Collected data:
::::::::::

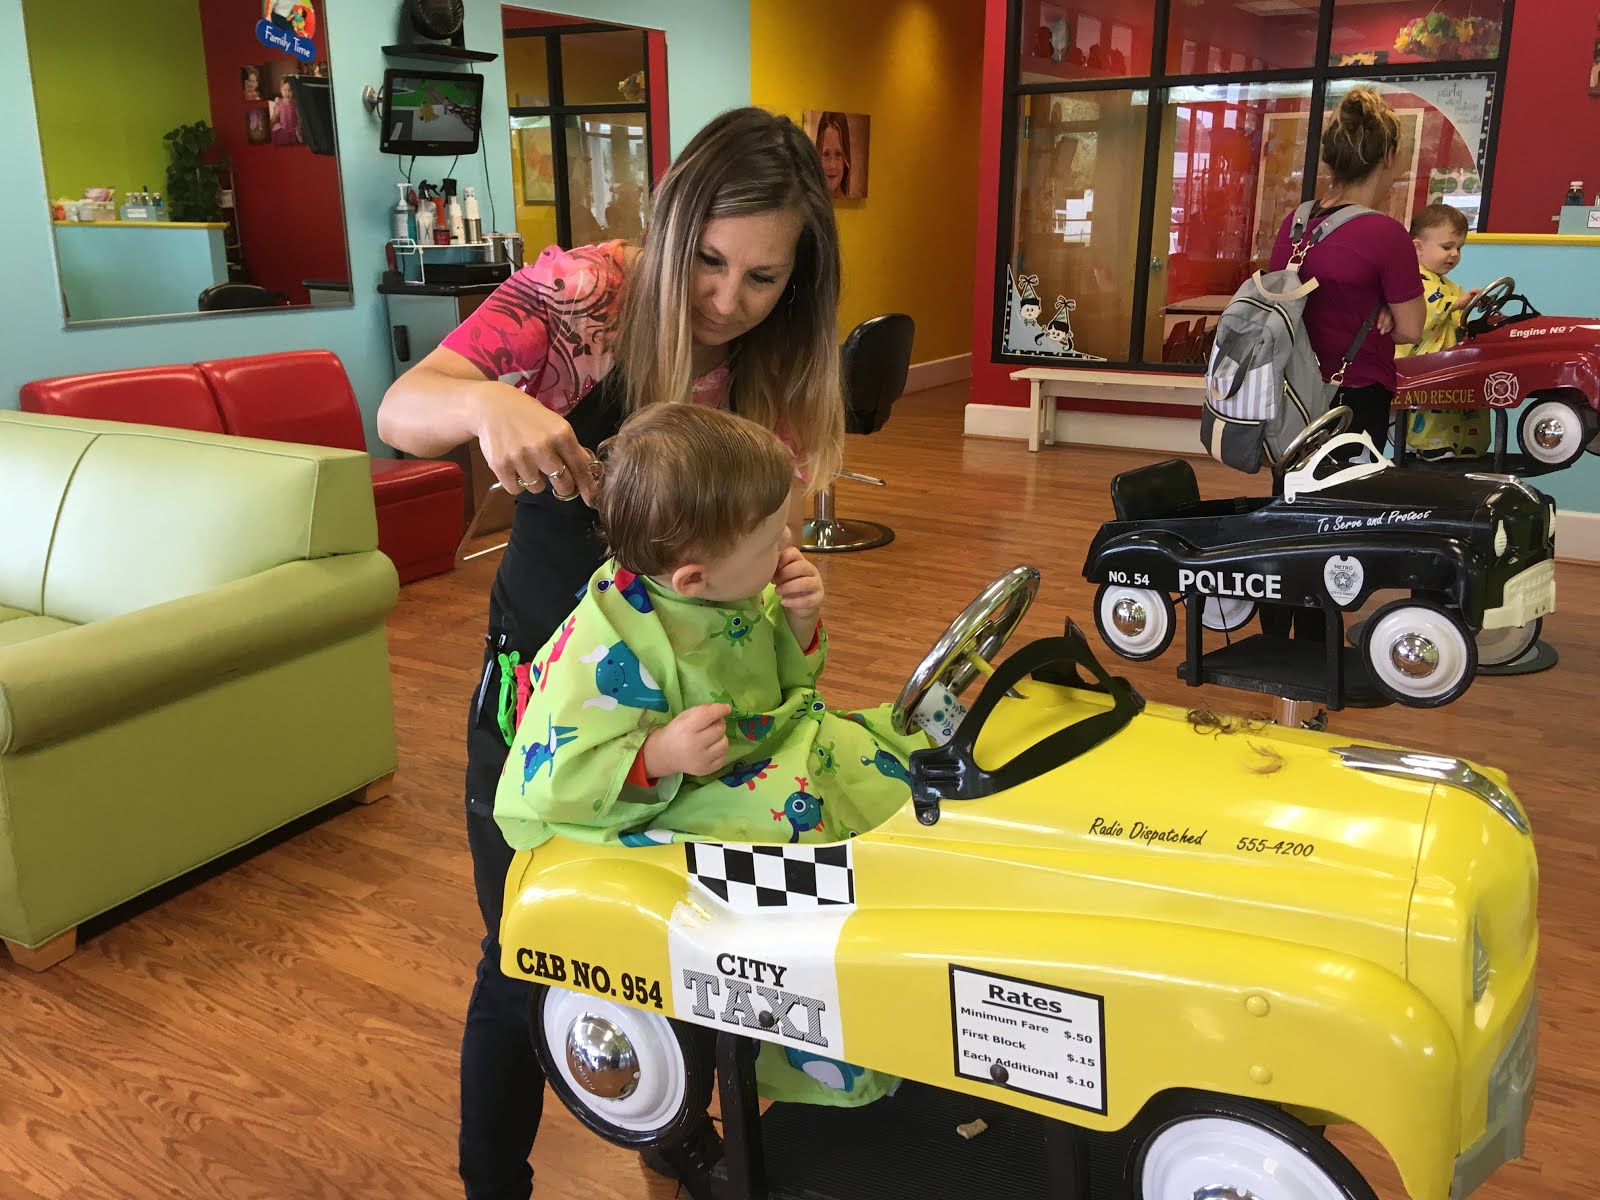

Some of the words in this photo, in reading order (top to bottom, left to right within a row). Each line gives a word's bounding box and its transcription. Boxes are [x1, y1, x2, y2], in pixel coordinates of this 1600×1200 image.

[265, 25, 291, 52] Family
[293, 36, 311, 58] Time
[1509, 327, 1547, 339] Engine
[1404, 390, 1428, 405] AND
[1430, 389, 1475, 405] RESCUE
[1317, 517, 1329, 533] To
[1333, 515, 1363, 531] Serve
[1366, 511, 1386, 527] and
[1387, 510, 1432, 525] Protect
[1108, 570, 1130, 585] NO.
[1133, 573, 1150, 586] 54
[1178, 568, 1282, 600] POLICE
[1088, 817, 1124, 838] Radio
[1129, 820, 1208, 847] Dispatched
[1235, 836, 1315, 858] 555-4200
[516, 947, 567, 982] CAB
[572, 959, 616, 996] NO.
[621, 972, 664, 1009] 954
[716, 952, 788, 989] CITY
[682, 969, 829, 1048] TAXI
[988, 983, 1063, 1014] Rates
[960, 1006, 1018, 1026] Minimum
[1021, 1020, 1050, 1034] Fare
[1063, 1030, 1093, 1044] $.50
[962, 1028, 990, 1042] First
[992, 1035, 1027, 1050] Block
[963, 1049, 992, 1063] Each
[995, 1057, 1059, 1080] Additional
[1066, 1075, 1095, 1090] $.10
[1066, 1053, 1096, 1068] $.15
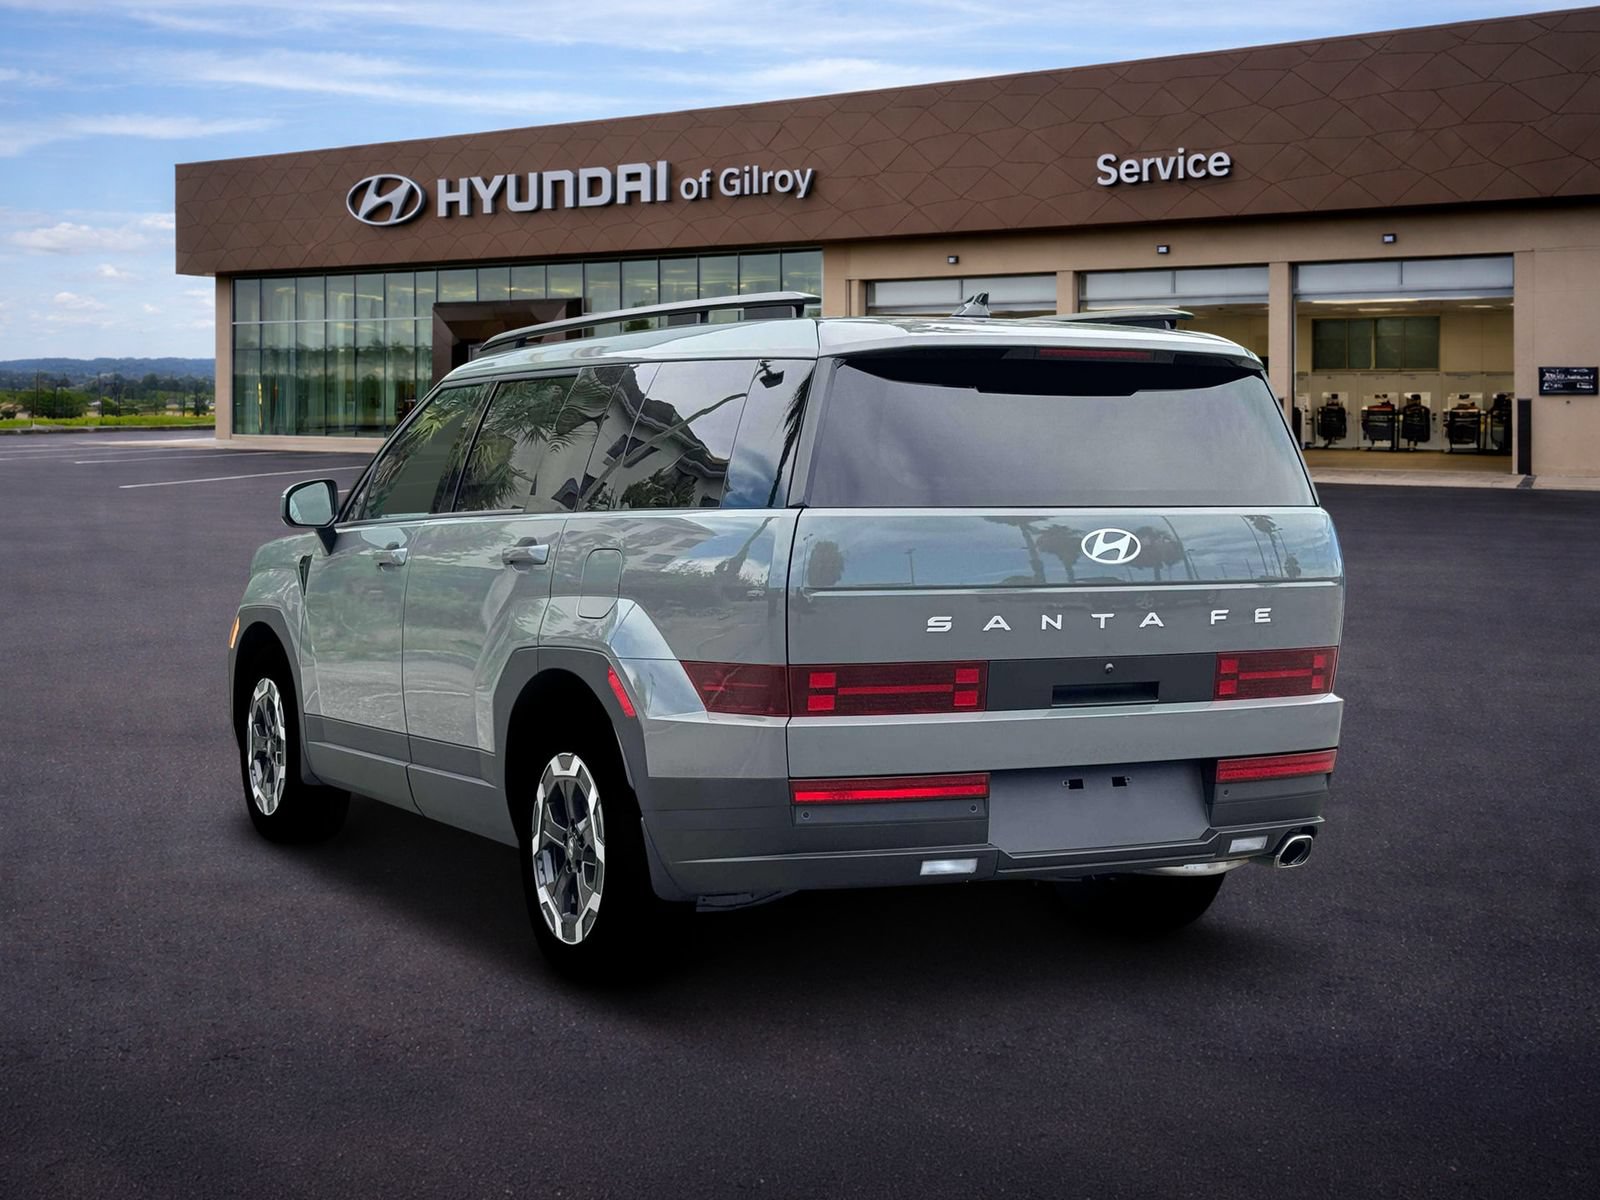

::::::::::

Start to finish, write out the data above exactly, omitting all pictures.

> **ANSWER SECTION**
Some of the words in this photo, in reading order (top to bottom, left to right within a row). Each line gives a word's bounding box and its transcription. Boxes are [x1, y1, x2, y2], in pixel coordinates of this 1600×1200 image.

[265, 25, 291, 52] Family
[293, 36, 311, 58] Time
[1509, 327, 1547, 339] Engine
[1404, 390, 1428, 405] AND
[1430, 389, 1475, 405] RESCUE
[1317, 517, 1329, 533] To
[1333, 515, 1363, 531] Serve
[1366, 511, 1386, 527] and
[1387, 510, 1432, 525] Protect
[1108, 570, 1130, 585] NO.
[1133, 573, 1150, 586] 54
[1178, 568, 1282, 600] POLICE
[1088, 817, 1124, 838] Radio
[1129, 820, 1208, 847] Dispatched
[1235, 836, 1315, 858] 555-4200
[516, 947, 567, 982] CAB
[572, 959, 616, 996] NO.
[621, 972, 664, 1009] 954
[716, 952, 788, 989] CITY
[682, 969, 829, 1048] TAXI
[988, 983, 1063, 1014] Rates
[960, 1006, 1018, 1026] Minimum
[1021, 1020, 1050, 1034] Fare
[1063, 1030, 1093, 1044] $.50
[962, 1028, 990, 1042] First
[992, 1035, 1027, 1050] Block
[963, 1049, 992, 1063] Each
[995, 1057, 1059, 1080] Additional
[1066, 1075, 1095, 1090] $.10
[1066, 1053, 1096, 1068] $.15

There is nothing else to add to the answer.